For 17 years, Paul Taylor was a printing press man. Now he spends his days off from a part-time gig hunting down job leads. Joe Mahoney for NPR hide caption
For 17 years, Paul Taylor was a printing press man. Now he spends his days off from a part-time gig hunting down job leads.
Joe Mahoney for NPRAbout This Series
As the U.S. struggles with a deepening recession on track to become the worst in more than two generations, the impact is being felt across all states, industries and income levels. Meet some of the faces behind America's unemployment numbers. NPR will be checking back with them periodically as they hunt for that increasingly hard-to-find commodity: a job.
Paul Taylor sits in the lobby of a Comfort Inn in midtown Richmond at 8:15 on a bright March morning and reads the classifieds in the newspaper. Doors to the Central Virginia Job Fair won't open until 10 a.m., but Taylor, 53, hopes to get a jump on his competition.
He needs a full-time job.
For 17 years, Taylor — originally from the Bronx — worked as a machine operator in the Richmond area. He was making close to $60,000 a year. When his company downsized just over a year ago, he was let go.
Now he is a part-time security guard, making less than half what he was making at the print shop. He picks up extra cash as a bartender, waiter, car valet. "It's not enough to sustain," he says. "So I have to do odd-and-end jobs in order to make ends meet."
In a gray trench coat, sweater vest, crisp shirt, no tie, Taylor looks like a successful businessman. But his story, that of a full-time printing press man who has morphed into a part-time security guard, is emblematic of the sea change so many Americans are going through.
'I Need To Step It Up'
A father and grandfather, Taylor says he's been married for 33 years. "My wife does work," he says. "She's an in-home childcare provider."
Two of his children are married and out on their own. His daughter is a senior in high school. She works part-time and wants to go to college. "So I need to step it up," Taylor says. "There's a lot to do."
His wife's job is fairly secure, he says. "She has a waiting list, so she's doing well."
Taylor looks to the floor. "She's pretty much, more so, holding down the fort."

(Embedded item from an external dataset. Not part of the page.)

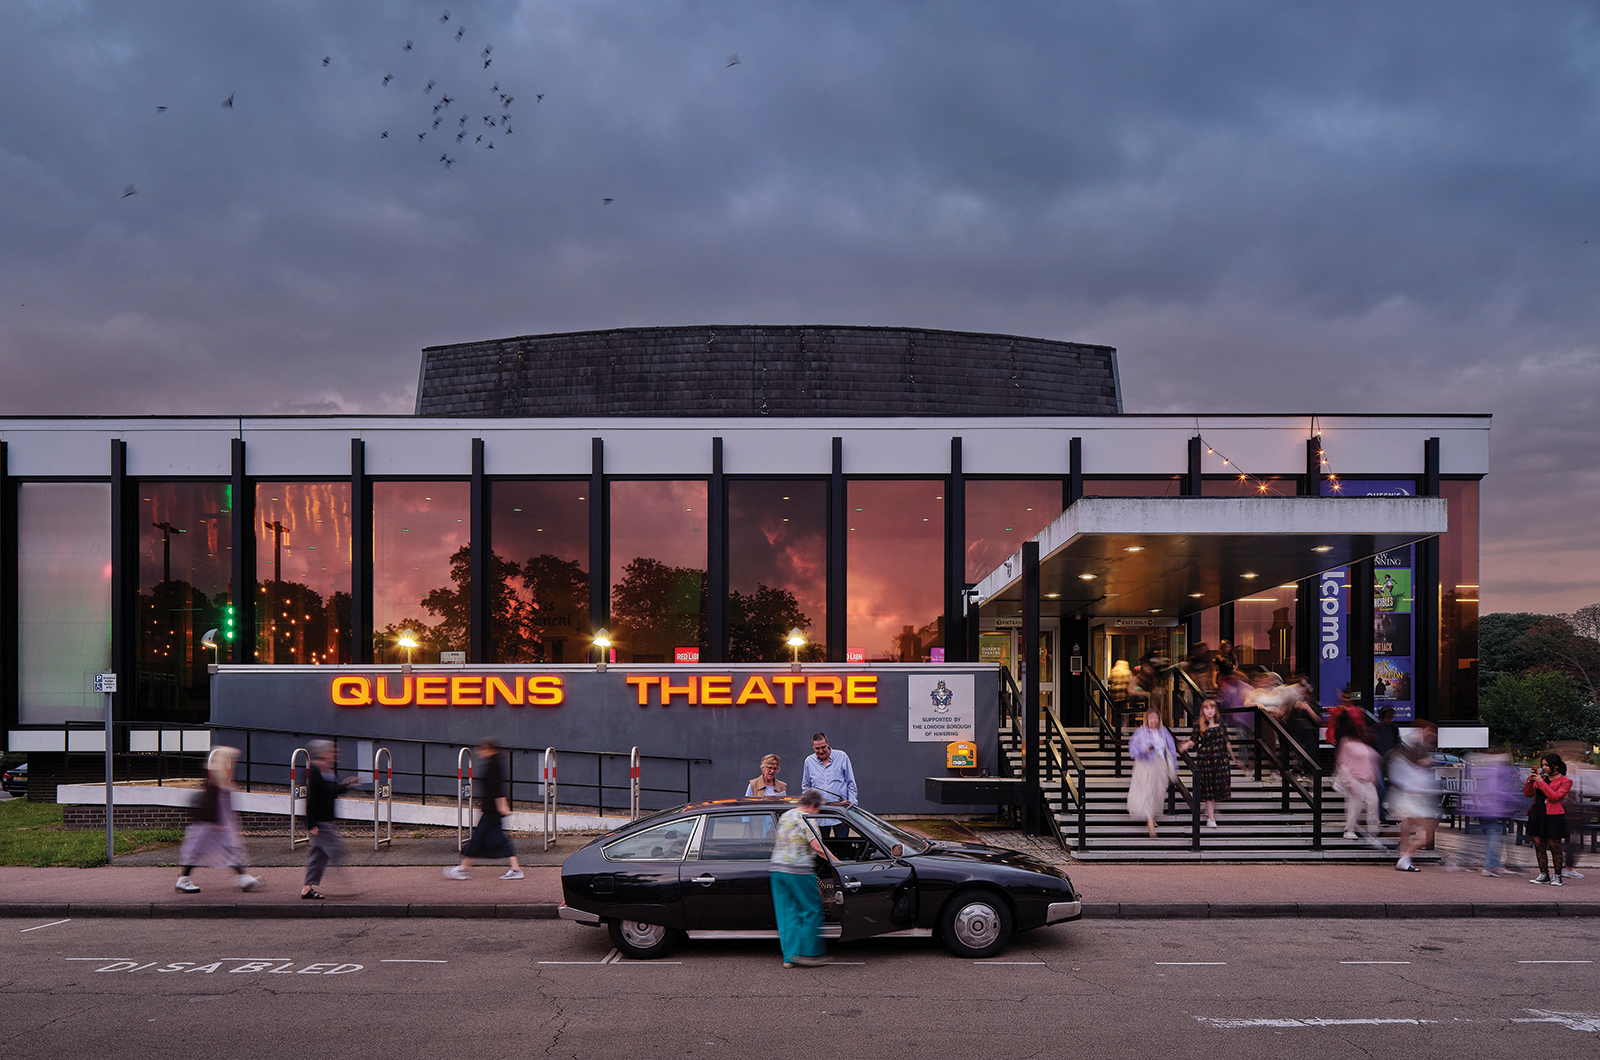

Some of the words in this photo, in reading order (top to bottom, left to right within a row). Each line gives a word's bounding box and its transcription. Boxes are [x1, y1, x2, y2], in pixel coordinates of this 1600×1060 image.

Here at the job fair, which is sponsored by Employment Guide, Taylor is hoping to find employment that includes benefits. Many Americans, he says, are working mostly for good health and retirement benefits.
He has sent out scads of resumes to scads of different kinds of businesses. "I'm looking for a job every day," he says. "I'm up early every day. So it's almost like a nonstop thing. It's almost like a full-time job — looking for a job."

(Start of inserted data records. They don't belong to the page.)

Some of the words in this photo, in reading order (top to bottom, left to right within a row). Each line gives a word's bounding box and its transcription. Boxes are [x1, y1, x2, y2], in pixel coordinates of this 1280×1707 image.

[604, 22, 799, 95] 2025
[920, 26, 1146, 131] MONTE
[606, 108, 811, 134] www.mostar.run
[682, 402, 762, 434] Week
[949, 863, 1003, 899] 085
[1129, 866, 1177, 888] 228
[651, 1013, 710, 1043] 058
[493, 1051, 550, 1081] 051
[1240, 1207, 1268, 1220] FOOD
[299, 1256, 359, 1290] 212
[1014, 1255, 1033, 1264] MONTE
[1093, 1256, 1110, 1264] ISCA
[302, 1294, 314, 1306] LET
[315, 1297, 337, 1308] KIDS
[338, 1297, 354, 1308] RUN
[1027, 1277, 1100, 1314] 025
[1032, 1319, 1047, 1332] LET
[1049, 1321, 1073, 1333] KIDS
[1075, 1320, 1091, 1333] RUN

At one point he adds, "I expect today to find something."
Great Expectations
The Employment Guide, a nationwide company, puts out 55 publications across America. General Sales Manager Scott Forquer has been running job fairs for the company in Richmond for about five years. He has scheduled six for Richmond in 2009; this is the first.
When the minute hand hits 10 a.m., Forquer swings open the conference room door and a steady parade of job seekers flows through. "We're expecting 500-plus," he says. (All in all, more than 1,500 people will stop by during the five-hour affair.)
Unemployed Americans — all ages, all colors, some in business attire, others in jeans and sweat shirts — move from booth to booth. About 16 vendors reserved exhibit space. Verizon is here. So is Bankers Life & Casualty. Representatives from area schools, such as Averett University, try to interest folks into signing up for education and training classes. The Army has a spot; so does the Virginia Army National Guard.
"Companies are a little more reluctant to do hiring right now," Forquer says. "There are so many people out of work that companies have people walking in the door, filling out applications and leaving resumes." The caliber of job seeker is so high, he explains, companies don't need to advertise open positions as much as they have in the past.
Richard Halsey, 44, an out-of-luck restaurant-maintenance worker from Richmond, says, "This isn't my idea of a job fair. There aren't enough vendors geared toward helping an average, everyday Joe like me gain employment."
But Forquer considers the day a success. According to vendors' reports, he says, some 167 fair-goers will eventually be offered jobs.
For Paul Taylor, the fair "went well." He left his resumes with a couple of companies, including a new hotel and a refrigeration company.
"Right now," he says, putting on his trench coat, "I'm heading over to a few ads I see in the newspaper. So, like I said, it's an all-day thing."